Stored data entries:
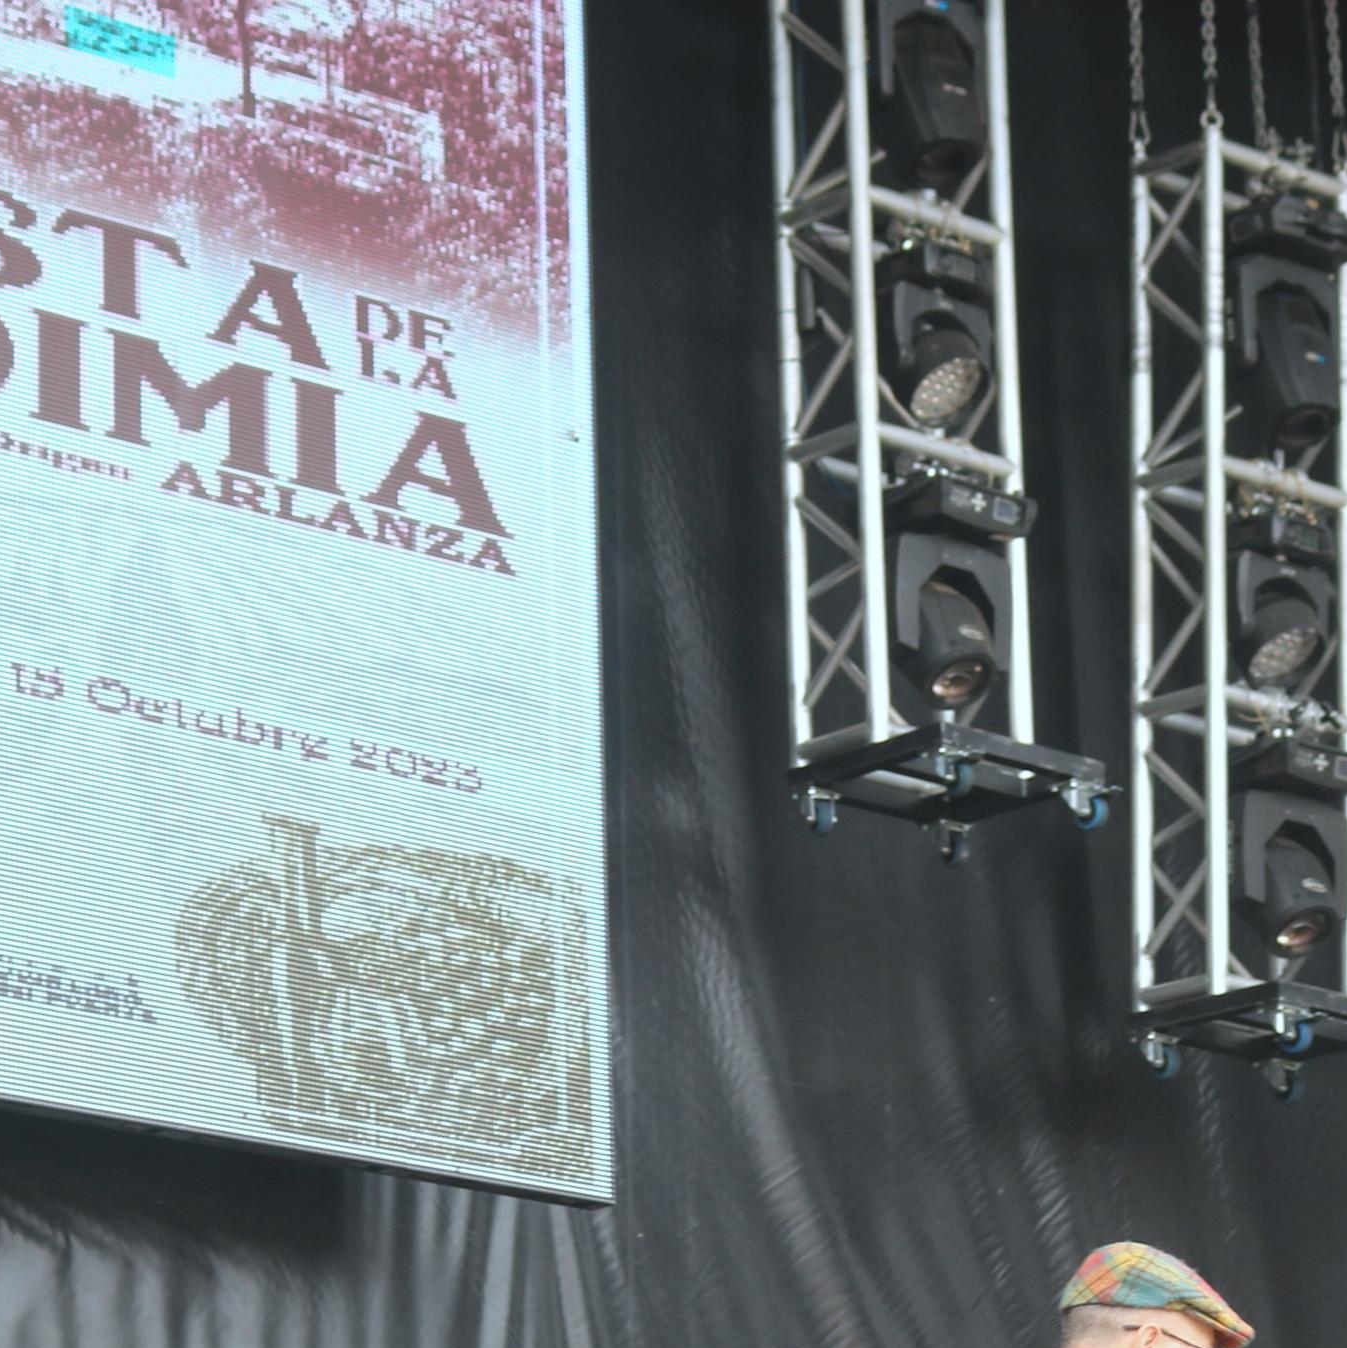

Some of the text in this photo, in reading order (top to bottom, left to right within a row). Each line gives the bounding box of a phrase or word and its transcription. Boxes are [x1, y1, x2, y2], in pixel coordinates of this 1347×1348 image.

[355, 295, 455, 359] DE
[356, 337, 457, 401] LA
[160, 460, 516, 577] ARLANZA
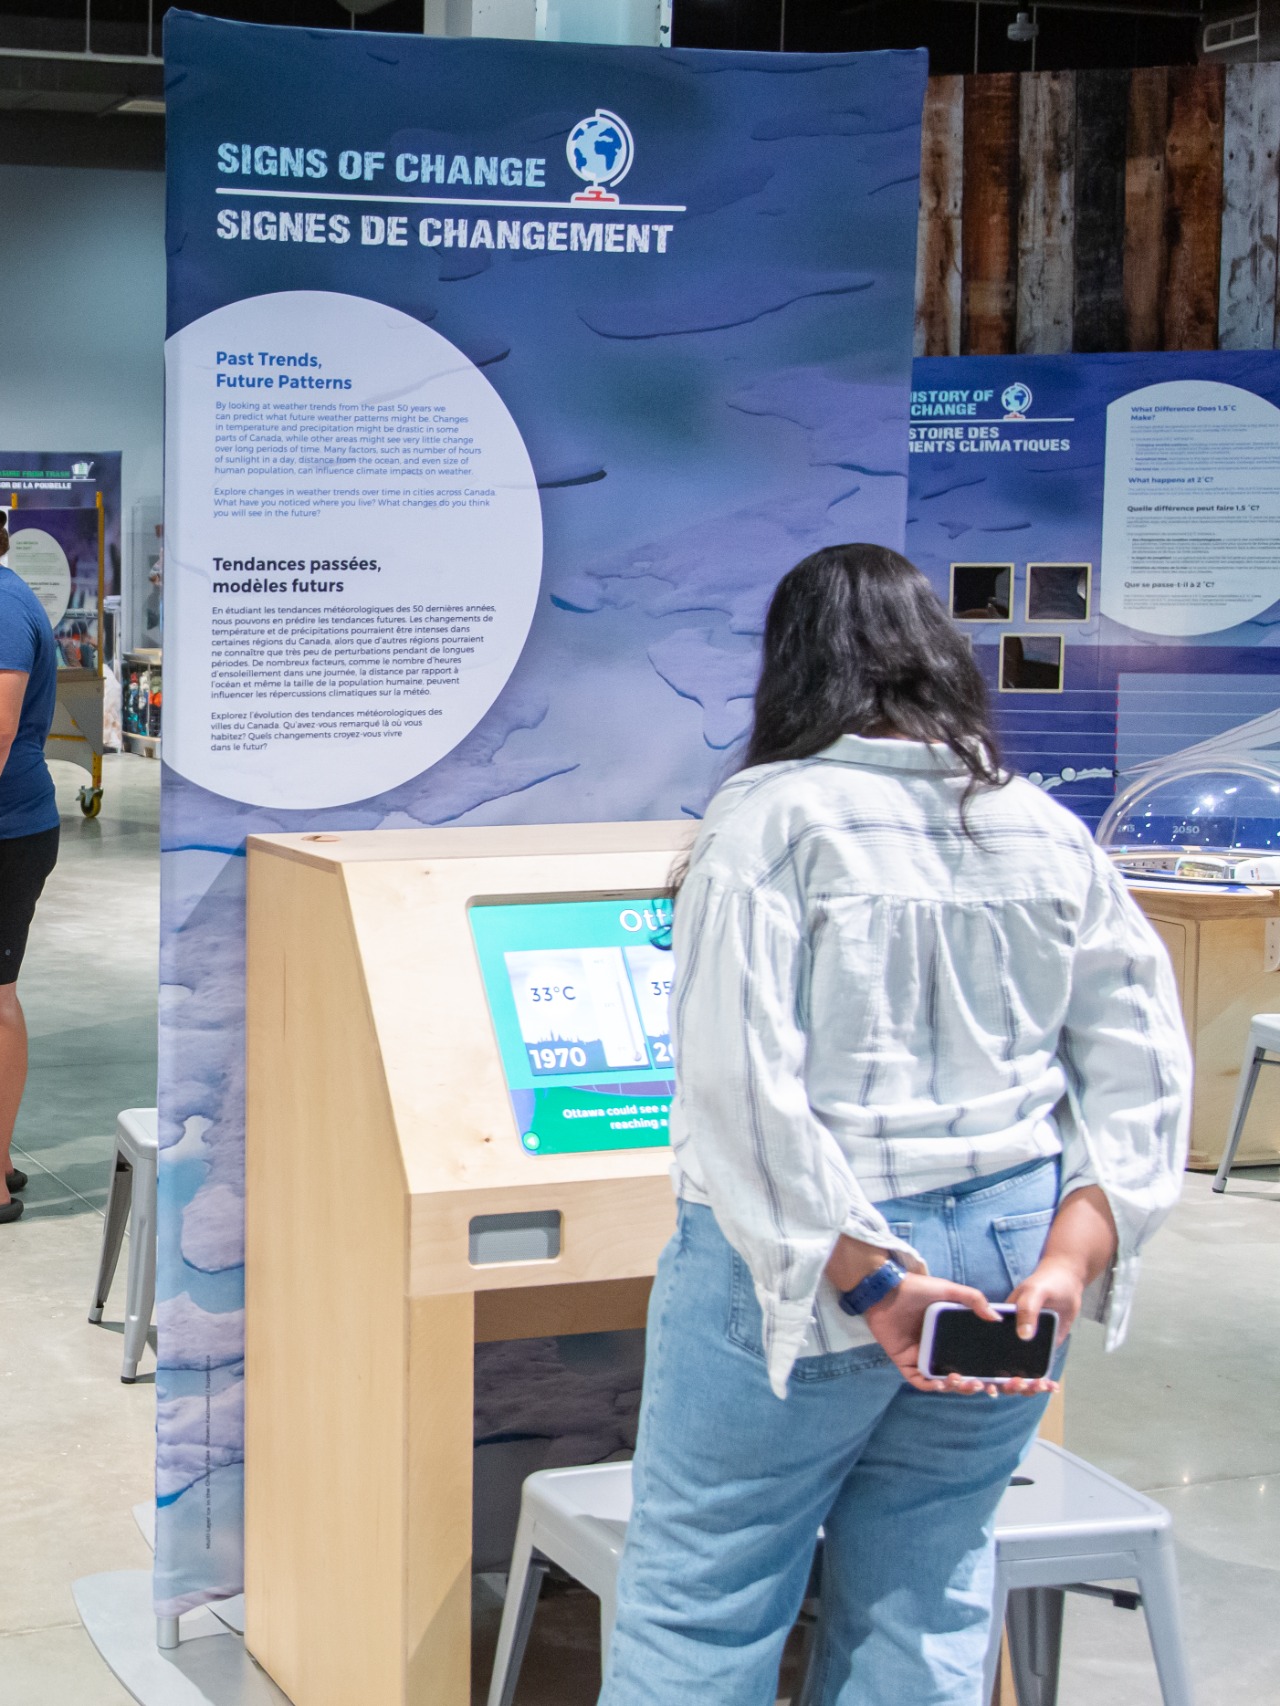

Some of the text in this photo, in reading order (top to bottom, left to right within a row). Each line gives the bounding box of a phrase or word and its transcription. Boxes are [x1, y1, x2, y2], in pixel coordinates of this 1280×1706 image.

Work instructions:
Before printing anything, remove the pictures; then print all the records exactly.

Output:
Some of the text in this photo, in reading order (top to bottom, left to right within a row). Each line gives the bounding box of a phrase or word and its transcription. Boxes are [x1, y1, x2, y2], in pixel coordinates of this 1347×1348 image.

[355, 295, 455, 359] DE
[356, 337, 457, 401] LA
[160, 460, 516, 577] ARLANZA

Some of the text in this photo, in reading order (top to bottom, left to right within a row). Each line gives the bounding box of a phrase or word and its transcription. Boxes are [x1, y1, x2, y2], in pixel coordinates of this 1280×1706 image.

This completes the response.